About this exercise - Every picture should be left out, but the lines below must be repeated exactly.

Data section -
_____
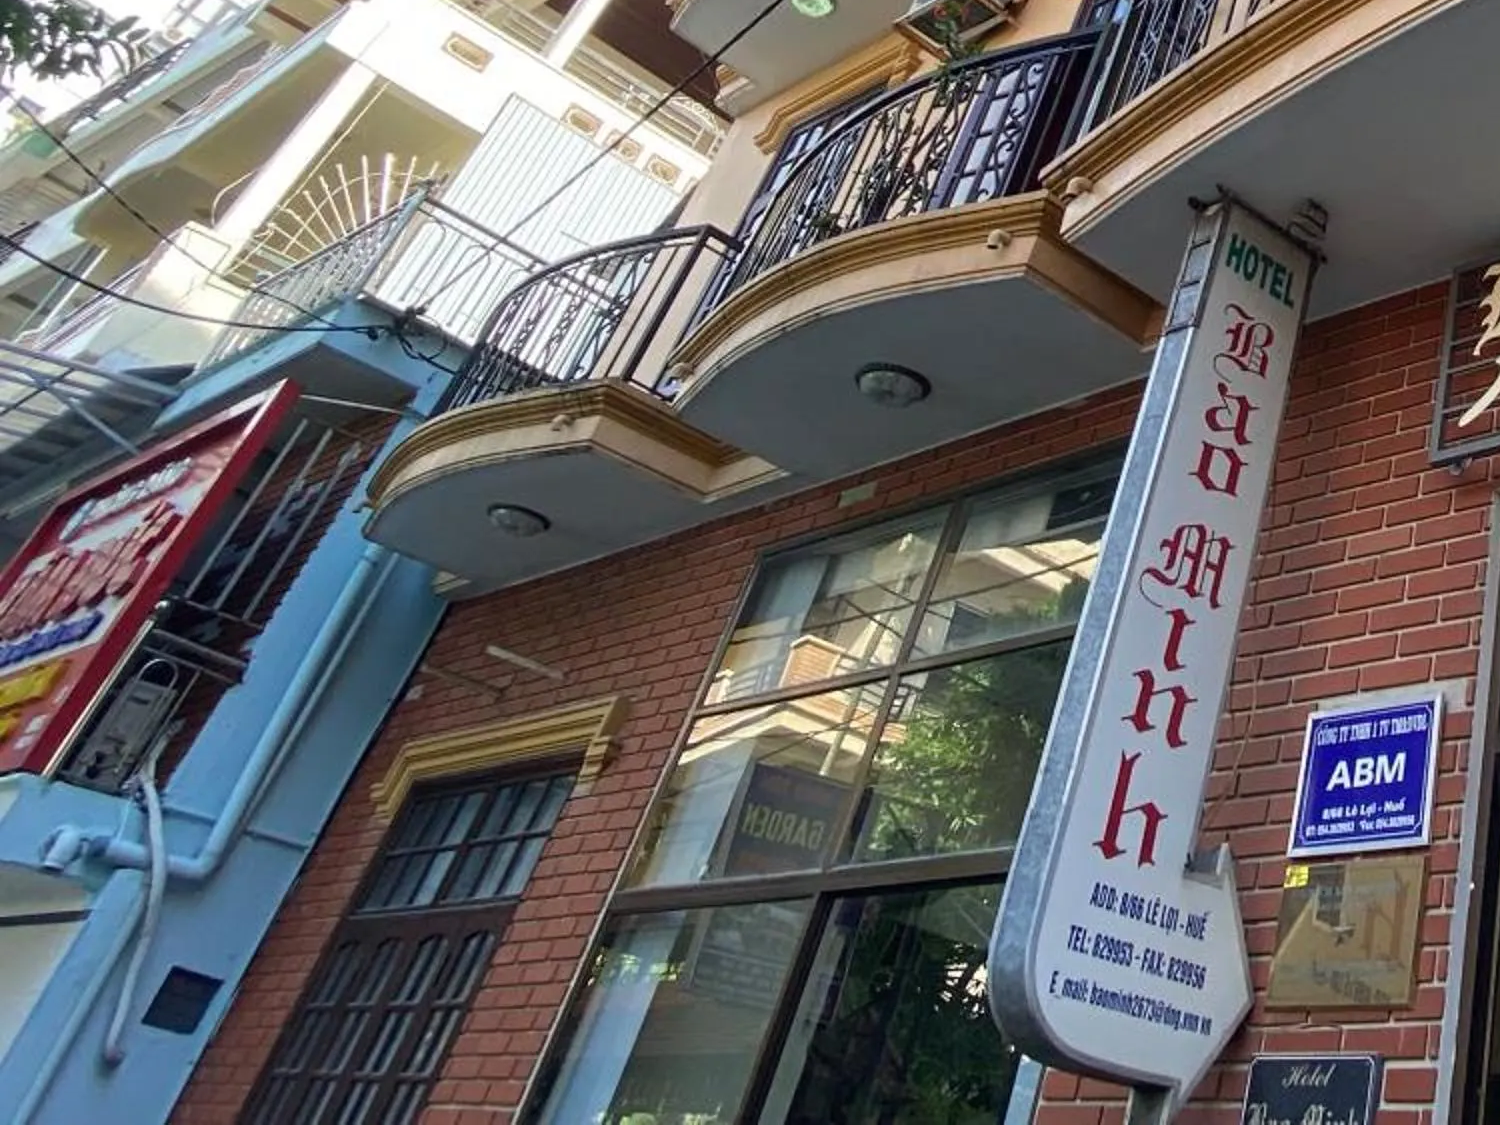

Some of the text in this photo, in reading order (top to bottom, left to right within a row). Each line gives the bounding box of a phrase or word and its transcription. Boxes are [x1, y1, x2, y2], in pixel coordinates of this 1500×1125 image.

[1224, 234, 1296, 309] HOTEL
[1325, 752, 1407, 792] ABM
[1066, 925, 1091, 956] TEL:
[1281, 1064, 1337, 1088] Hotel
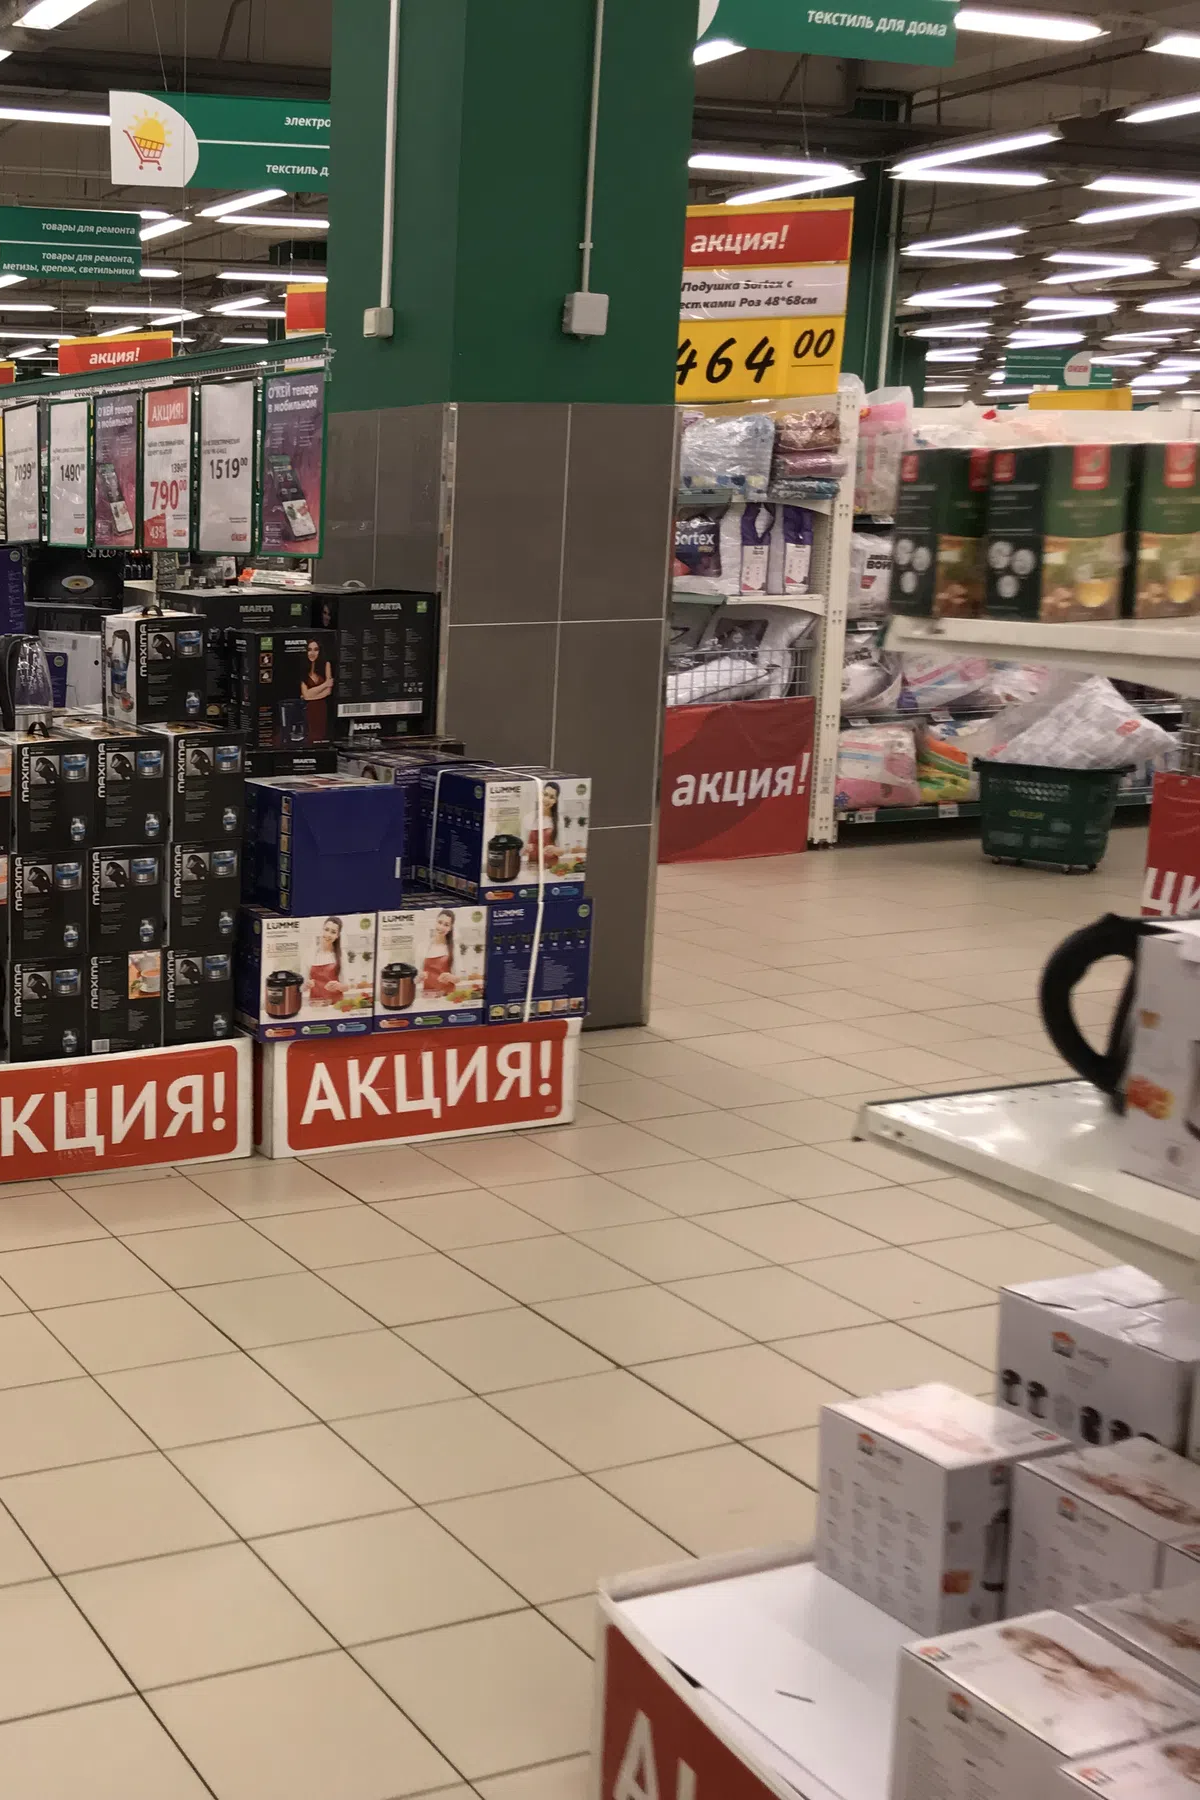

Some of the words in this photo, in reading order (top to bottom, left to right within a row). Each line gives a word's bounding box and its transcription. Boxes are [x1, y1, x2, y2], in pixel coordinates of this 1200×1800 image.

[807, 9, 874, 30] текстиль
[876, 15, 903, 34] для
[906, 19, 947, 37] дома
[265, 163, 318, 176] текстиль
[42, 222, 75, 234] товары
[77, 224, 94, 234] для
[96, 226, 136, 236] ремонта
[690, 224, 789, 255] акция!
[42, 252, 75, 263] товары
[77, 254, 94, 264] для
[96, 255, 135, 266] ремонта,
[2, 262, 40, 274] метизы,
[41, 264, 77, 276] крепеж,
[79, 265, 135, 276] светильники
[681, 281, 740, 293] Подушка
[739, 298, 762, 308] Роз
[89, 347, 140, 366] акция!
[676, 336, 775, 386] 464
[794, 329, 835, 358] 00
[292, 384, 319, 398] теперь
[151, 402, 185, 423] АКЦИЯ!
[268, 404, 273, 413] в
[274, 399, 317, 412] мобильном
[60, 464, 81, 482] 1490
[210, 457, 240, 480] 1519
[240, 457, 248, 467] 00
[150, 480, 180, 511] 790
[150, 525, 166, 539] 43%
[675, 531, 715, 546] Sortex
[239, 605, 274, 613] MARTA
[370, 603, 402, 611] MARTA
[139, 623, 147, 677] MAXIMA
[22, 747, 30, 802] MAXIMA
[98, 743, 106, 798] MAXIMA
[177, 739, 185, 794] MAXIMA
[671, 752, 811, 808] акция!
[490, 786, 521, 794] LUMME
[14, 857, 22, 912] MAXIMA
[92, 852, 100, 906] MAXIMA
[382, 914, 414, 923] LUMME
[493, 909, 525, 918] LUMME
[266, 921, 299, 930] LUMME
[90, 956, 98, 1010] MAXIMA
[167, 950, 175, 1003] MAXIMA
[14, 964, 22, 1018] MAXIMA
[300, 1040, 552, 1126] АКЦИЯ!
_____
Result -
Some of the text in this photo, in reading order (top to bottom, left to right within a row). Each line gives the bounding box of a phrase or word and its transcription. Boxes are [x1, y1, x2, y2], in pixel coordinates of this 1500×1125 image.

[1224, 234, 1296, 309] HOTEL
[1325, 752, 1407, 792] ABM
[1066, 925, 1091, 956] TEL:
[1281, 1064, 1337, 1088] Hotel

Some of the words in this photo, in reading order (top to bottom, left to right within a row). Each line gives a word's bounding box and its transcription. Boxes are [x1, y1, x2, y2], in pixel coordinates of this 1200×1800 image.

[807, 9, 874, 30] текстиль
[876, 15, 903, 34] для
[906, 19, 947, 37] дома
[265, 163, 318, 176] текстиль
[42, 222, 75, 234] товары
[77, 224, 94, 234] для
[96, 226, 136, 236] ремонта
[690, 224, 789, 255] акция!
[42, 252, 75, 263] товары
[77, 254, 94, 264] для
[96, 255, 135, 266] ремонта,
[2, 262, 40, 274] метизы,
[41, 264, 77, 276] крепеж,
[79, 265, 135, 276] светильники
[681, 281, 740, 293] Подушка
[739, 298, 762, 308] Роз
[89, 347, 140, 366] акция!
[676, 336, 775, 386] 464
[794, 329, 835, 358] 00
[292, 384, 319, 398] теперь
[151, 402, 185, 423] АКЦИЯ!
[268, 404, 273, 413] в
[274, 399, 317, 412] мобильном
[60, 464, 81, 482] 1490
[210, 457, 240, 480] 1519
[240, 457, 248, 467] 00
[150, 480, 180, 511] 790
[150, 525, 166, 539] 43%
[675, 531, 715, 546] Sortex
[239, 605, 274, 613] MARTA
[370, 603, 402, 611] MARTA
[139, 623, 147, 677] MAXIMA
[22, 747, 30, 802] MAXIMA
[98, 743, 106, 798] MAXIMA
[177, 739, 185, 794] MAXIMA
[671, 752, 811, 808] акция!
[490, 786, 521, 794] LUMME
[14, 857, 22, 912] MAXIMA
[92, 852, 100, 906] MAXIMA
[382, 914, 414, 923] LUMME
[493, 909, 525, 918] LUMME
[266, 921, 299, 930] LUMME
[90, 956, 98, 1010] MAXIMA
[167, 950, 175, 1003] MAXIMA
[14, 964, 22, 1018] MAXIMA
[300, 1040, 552, 1126] АКЦИЯ!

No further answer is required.